Bu dört duyguyu önlemenin anahtarı nedir? Cevap basit: Erkenden durumu açıklayıp konuşun. Kurallarınızı söyleyin, onlara uyulabilmesini sağlayın. Durumu gereğinden fazla büyütmemek için Değişim Sözlükçesi kullanın. "Şöyle yapmana dayanamıyorum!" demek yerine, tercih kelimeleri kullanın. "Bunun yerine şöyle yapmanı tercih ederim" deyin. Patern kesintileri oluşturarak tartışmaları önleyin, çünkü sonradan tartışmanın ne konuda olduğunu bile hatırlamaz, yalnızca kazanmanız gerektiğini düşünürsünüz.

4. İlişkilerinizin hayatınızdaki en yüksek öncelikler olmasını sağlayın; yoksa gündelik acil işlerinizin ardında geri plana itilirler. Yavaş yavaş duygusal yoğunluk ve ihtiras söner. Biz ilişkilerimizin gücünü kaybetmek istemeyiz. Yüz göz olmak yüzünden ya da ihmal alışkanlığı yüzünden o kişiye duyduğumuz yoğun heyecandan ve ihtirastan olmayı asla istemeyiz.

5. Becky ile birlikte, daha ilk başlangıçta keşfettiğimiz en önemli paternlerden biri, her gün o günü daha iyi kılmaya odaklanmak olmuş, bu da ilişkimizi kalıcı hale getirmekte çok önemli rol oynamıştır. İlişki biterse neler olacağına odaklanmak yanlıştır.

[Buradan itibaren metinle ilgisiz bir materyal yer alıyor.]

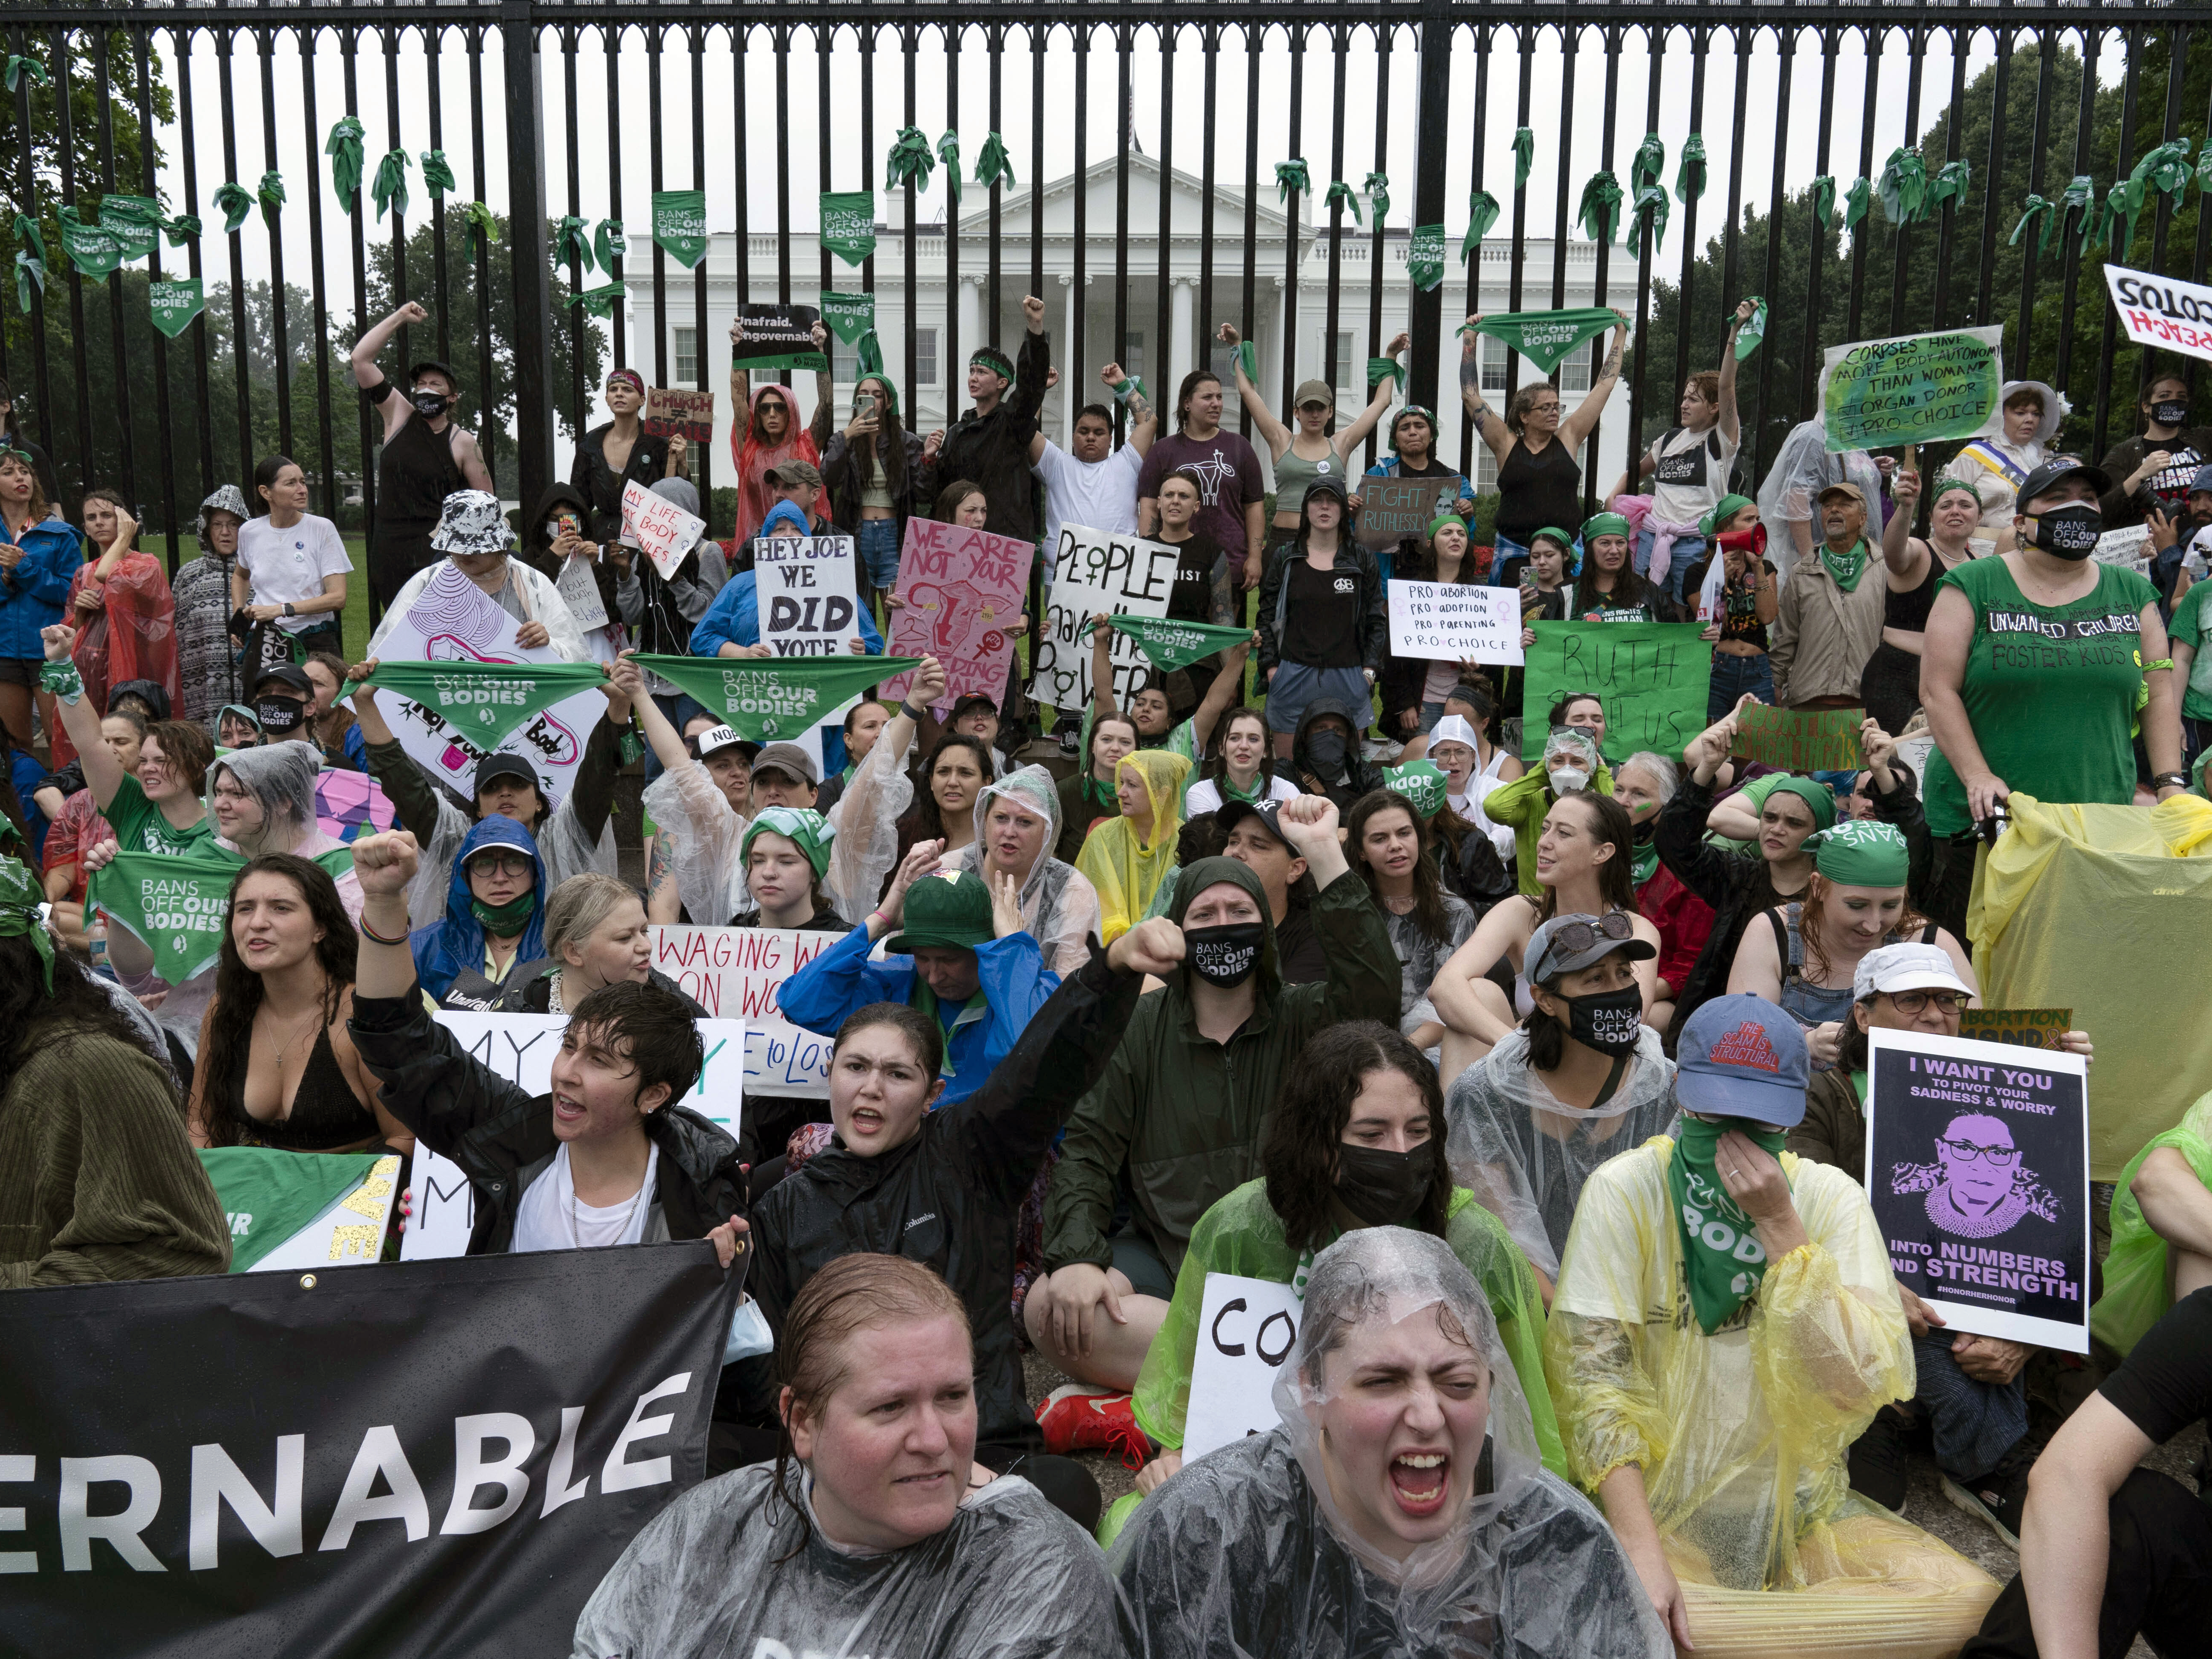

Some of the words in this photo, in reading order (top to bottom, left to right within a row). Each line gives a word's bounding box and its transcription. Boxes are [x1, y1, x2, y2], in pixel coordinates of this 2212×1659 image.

[103, 217, 135, 228] BANS
[657, 219, 682, 228] OFF
[658, 211, 691, 219] BANS
[825, 211, 858, 221] BANS
[125, 228, 153, 237] OUR
[660, 228, 706, 237] BODIES
[825, 220, 849, 230] OFF
[826, 228, 874, 239] BODIES
[73, 237, 95, 245] OFF
[165, 290, 194, 299] OUR
[825, 304, 870, 317] BODIES
[1521, 328, 1547, 337] OFF
[1549, 325, 1579, 334] OUR
[1523, 334, 1572, 347] BODIES
[1846, 339, 1917, 365] CORPSES
[1929, 335, 1964, 348] HAVE
[1836, 362, 1886, 384] MORE
[1895, 354, 1934, 371] BODY
[1870, 373, 1912, 393] THAN
[651, 390, 712, 412] CHURCH
[1861, 395, 1915, 415] ORGAN
[1924, 383, 1976, 401] DONOR
[650, 415, 711, 439] STATE
[1861, 401, 1987, 436] PRO-CHOICE
[1659, 469, 1692, 478] BODIES
[1676, 463, 1695, 471] OUR
[1367, 485, 1425, 508] FIGHT
[623, 506, 635, 520] MY
[625, 489, 645, 506] MY
[650, 502, 682, 526] LIFE.
[1364, 511, 1429, 532] RUTHLESSLY
[2056, 521, 2086, 531] BANS
[912, 520, 947, 549] WE
[959, 532, 1023, 564] ARE
[2053, 539, 2093, 549] BODIES
[2054, 530, 2077, 539] OFF
[2078, 531, 2096, 541] OUR
[755, 537, 803, 561] HEY
[805, 536, 848, 559] JOE
[1828, 554, 1848, 567] OFF
[779, 565, 816, 588] WE
[907, 548, 955, 578] NOT
[968, 554, 1020, 595] YOUR
[566, 577, 587, 590] but
[1409, 586, 1433, 598] PRO
[768, 595, 853, 632] DID
[1411, 604, 1430, 615] PRO
[2007, 602, 2025, 611] me
[2067, 604, 2110, 620] happens
[2114, 601, 2132, 612] to
[1143, 624, 1171, 634] OFF
[1172, 629, 1206, 643] OUR
[1415, 620, 1432, 629] PRO
[1990, 612, 2066, 638] UNWANED
[2078, 615, 2140, 636] CHILDREN
[772, 639, 838, 657] VOTE
[1144, 632, 1197, 650] BODIES
[1404, 635, 1439, 646] PRO
[1448, 638, 1507, 650] CHOICE
[2030, 637, 2041, 645] I
[2093, 635, 2121, 643] with
[1563, 634, 1679, 689] RUTH
[1993, 644, 2072, 670] FOSTER
[2079, 645, 2125, 667] KIDS
[434, 681, 478, 691] OFF
[482, 680, 536, 692] OUR
[722, 671, 779, 686] BANS
[438, 690, 527, 705] BODIES
[724, 683, 764, 697] OFF
[767, 686, 817, 702] OUR
[727, 699, 807, 716] BODIES
[1645, 710, 1681, 748] US
[1737, 703, 1864, 737] ABORTION
[712, 730, 742, 742] NOP
[1752, 729, 1869, 771] HEALTHCARE
[1843, 828, 1906, 848] BANS
[142, 879, 198, 896] BANS
[142, 896, 181, 912] OFF
[145, 912, 222, 932] BODIES
[659, 928, 780, 971] WAGING
[1196, 942, 1232, 954] BANS
[1196, 954, 1222, 965] OFF
[1224, 946, 1254, 963] OUR
[1199, 958, 1249, 976] BODIES
[679, 971, 720, 1016] ON
[1593, 1021, 1623, 1031] OFF
[1626, 1010, 1641, 1029] OUR
[1594, 1007, 1633, 1020] BANS
[1739, 1022, 1761, 1034] THE
[1721, 1032, 1755, 1047] SCAM
[1755, 1036, 1768, 1050] IS
[768, 1039, 784, 1068] to
[1710, 1045, 1777, 1067] STRUCTURAL
[1910, 1057, 1916, 1072] I
[1924, 1059, 1994, 1082] WANT
[2001, 1070, 2052, 1090] YOU
[1932, 1078, 1949, 1088] TO
[1953, 1081, 1990, 1094] PIVOT
[1994, 1086, 2030, 1100] YOUR
[1910, 1086, 1980, 1104] SADNESS
[1986, 1097, 1997, 1107] &
[2001, 1099, 2056, 1115] WORRY
[904, 1213, 935, 1230] Columbia
[1891, 1240, 1932, 1256] INTO
[1941, 1242, 2065, 1278] NUMBERS
[1926, 1259, 2077, 1301] STRENGTH
[1937, 1286, 2016, 1304] #HONORHERHONOR
[0, 1372, 692, 1574] ERNABLE

Unutmamalıyız ki neye odaklanırsak o olur. Eğer sürekli olarak ilişkinin biteceği korkusuna odaklanırsak, bilincimiz dışında o ilişkiyi sabote edecek şeyler yapmaya başlarız, bir kopma olup acılar başlamadan kendimizi kurtarmaya çalışıyormuş gibi davranırız.

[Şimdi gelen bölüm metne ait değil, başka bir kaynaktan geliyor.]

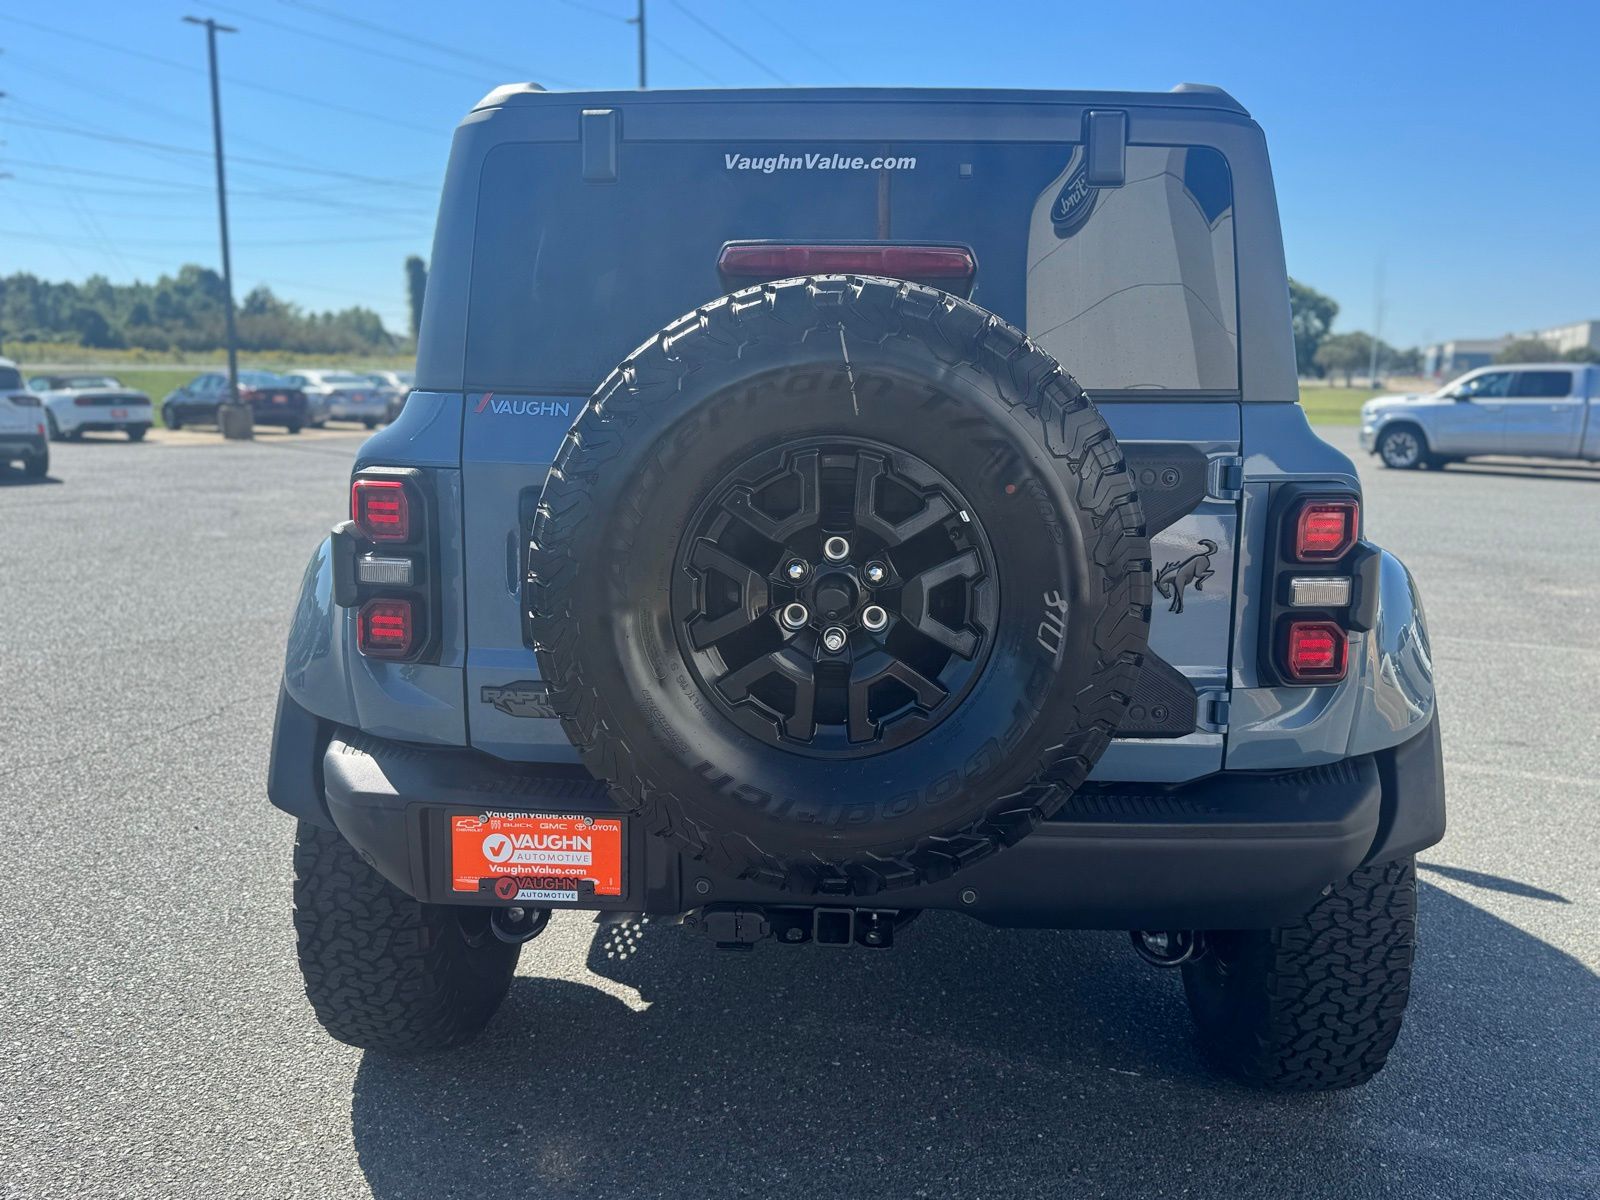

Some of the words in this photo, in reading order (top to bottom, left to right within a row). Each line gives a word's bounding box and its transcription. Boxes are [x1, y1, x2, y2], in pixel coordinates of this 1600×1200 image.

[724, 153, 917, 174] VaughnValue.com
[490, 400, 570, 416] VAUGHN
[539, 822, 568, 830] GMC
[510, 833, 592, 851] VAUGHN
[516, 852, 590, 863] AUTOMOTIVE
[489, 864, 587, 876] VaughnValue.com
[515, 877, 578, 890] VAUGHN
[520, 891, 576, 900] AUTOMOTIVE

Bu ilkeye uyan bir de söz vardır: Eğer bir ilişkinin kalıcı olmasını istiyorsanız, asla, asla o ilişkinin kendisini tehdit etmeyin. Sırf bu sözü söylemek bile bir tehlike yaratıyor. Ayrıca tarafların dengesini bozan korkulara yol açıyor. Kalıcı ilişkisi olan hangi çiftle konuşsam, görüyorum ki, ne kadar kızgın ya da gücenmiş olurlarsa olsunlar, asla ilişkinin biteceği kuşkusuna yönelmiyorlar ve ilişkiyi bitirme tehdidini asla ortaya atmıyorlar. Araba yarışı okulunu, yan duvara çarpma meselesini hatırlayın. Bir ilişkide, nereye gitmek istiyorsanız oraya odaklanmanız gerekir, korktuğunuz şeye değil.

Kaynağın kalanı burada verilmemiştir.